*WHAT TO WORK ON*.
Write out each entry below exactly; the images do not belong in your copy.

Referring expression grounding data:
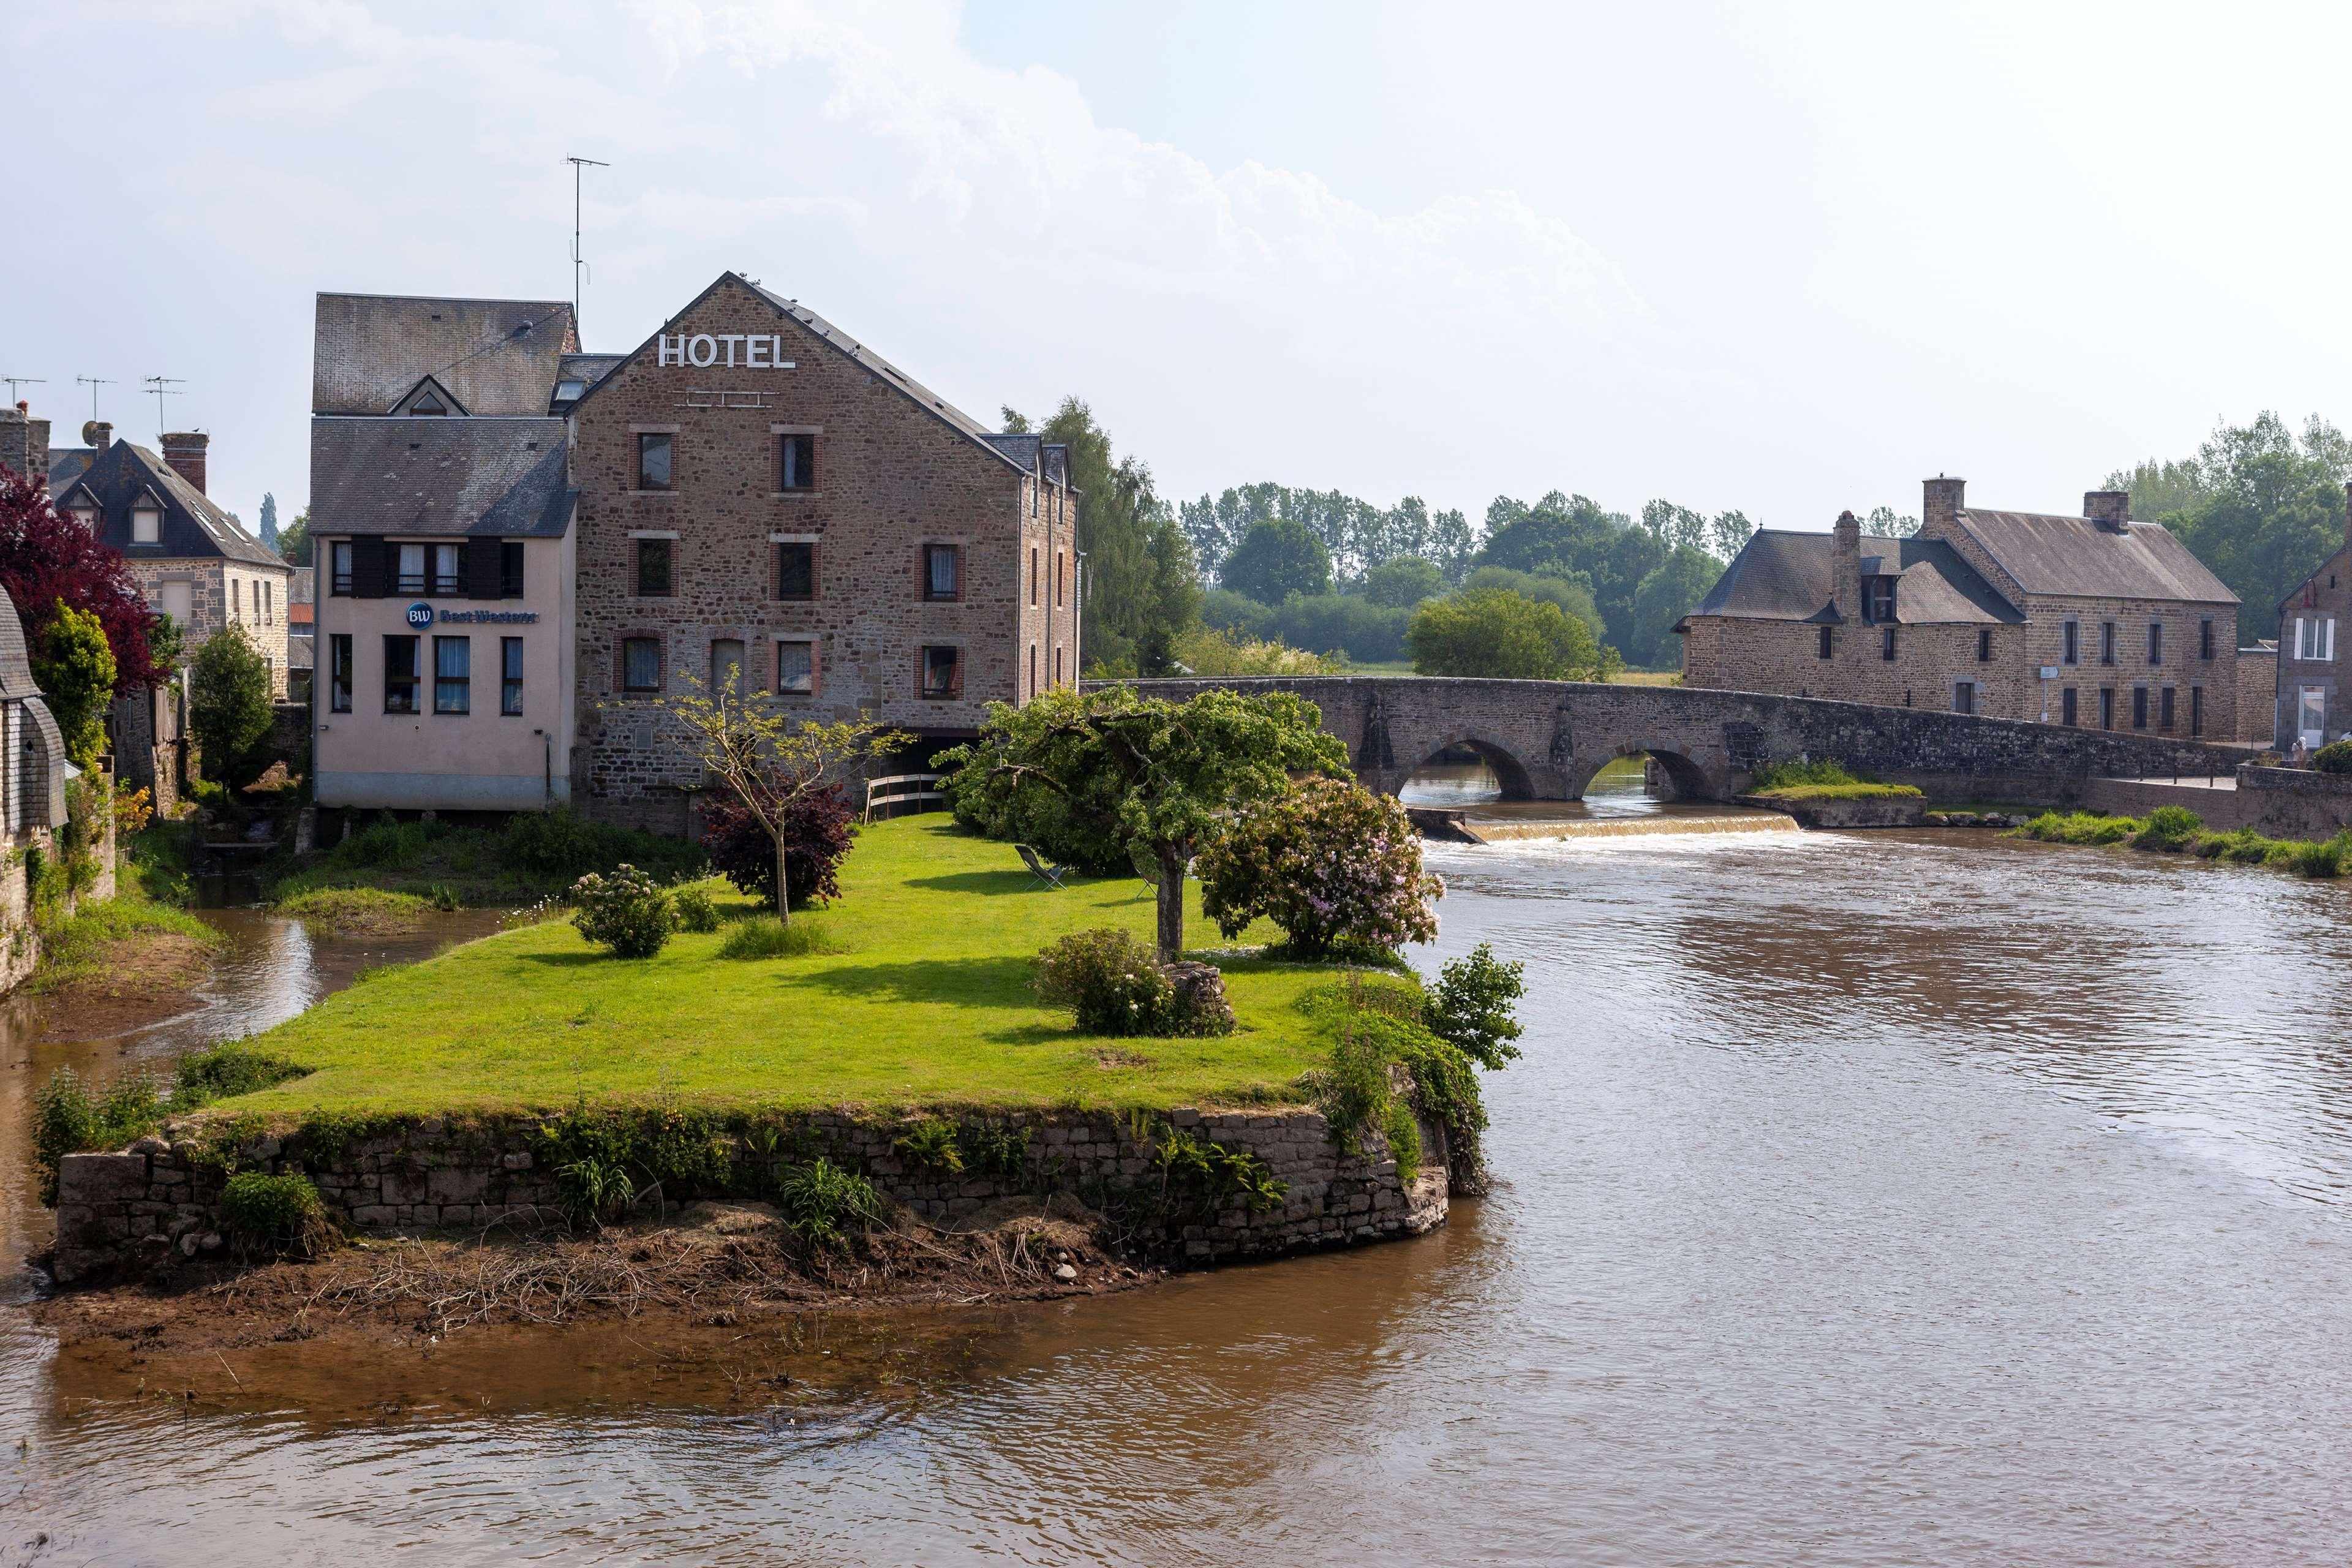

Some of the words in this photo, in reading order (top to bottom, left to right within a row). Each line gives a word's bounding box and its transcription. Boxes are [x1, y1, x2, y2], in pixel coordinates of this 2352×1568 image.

[658, 334, 796, 368] HOTEL
[409, 611, 430, 622] BW
[440, 610, 471, 623] Best
[475, 610, 536, 624] Western

*OUTPUT FOR THIS EXERCISE*.
Some of the words in this photo, in reading order (top to bottom, left to right within a row). Each line gives a word's bounding box and its transcription. Boxes are [x1, y1, x2, y2], in pixel coordinates of this 2352×1568 image.

[658, 334, 796, 368] HOTEL
[409, 611, 430, 622] BW
[440, 610, 471, 623] Best
[475, 610, 536, 624] Western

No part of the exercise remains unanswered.